The streaming music landscape is about to get a little more fractured, with yet another deep-pocketed tech giant set to enter the field.
Amazon, sources have told Billboard, is in talks to launch an ad-supported music streaming service that could be announced as soon as this week. The company already has a popular channel through which to market the service for free — its line of Echo speakers — and the intent here seems to be to go head-to-head against Spotify.
The latter, of course, offers a free, ad-supported tier in addition to a paid offering. That’s unlike the service generally regarded as Spotify’s closest competitor — Apple Music, which only offers a paid tier with no free option.

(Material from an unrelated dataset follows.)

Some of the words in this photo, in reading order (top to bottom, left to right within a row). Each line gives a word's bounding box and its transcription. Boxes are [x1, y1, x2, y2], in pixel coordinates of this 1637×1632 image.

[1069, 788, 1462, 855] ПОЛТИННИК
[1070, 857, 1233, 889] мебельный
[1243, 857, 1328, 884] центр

Does the world need yet another streaming music service? Maybe, maybe not, but what it would seem to be behind Amazon’s thinking here is a version of the same strategy that’s powered sign-ups to its Prime membership business. Offer benefits that serve as loss leaders, in the service of getting as many people as possible to open their wallet.
In this case, a free music service could be one more benefit that makes Echo devices seem like even more worthwhile buys to a consumer. It could also serve to stunt Spotify’s growth, because having this free option through Amazon might make you less likely to pull the trigger on Spotify’s premium tier. “Might” being the operative word, however, since according to the Billboard report what Amazon is planning here will be a limited offering, compared to the much more comprehensive catalog of music Spotify tries to offer.

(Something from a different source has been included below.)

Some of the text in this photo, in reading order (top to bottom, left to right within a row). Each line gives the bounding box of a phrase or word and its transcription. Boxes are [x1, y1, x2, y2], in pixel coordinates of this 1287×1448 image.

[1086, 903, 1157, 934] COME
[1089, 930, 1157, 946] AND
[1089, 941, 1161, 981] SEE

Interestingly, we’ve also seen a version of this same fight play out already. Apple’s subscription music service is only a small piece of its corporate empire, generating just a sliver of revenue compared to how much the iPhone means to the company. Yet as we reported earlier this month, Apple Music’s paid subscribers have now surpassed Spotify’s in the US, which may have inspired to take a run at Spotify, as well. Amazon, too, is another tech giant with a huge balance sheet for whom music will represent a comparatively small part of its balance sheet, while Spotify of course lives and dies by the success of its music offering, which is pretty much the entirety of the company.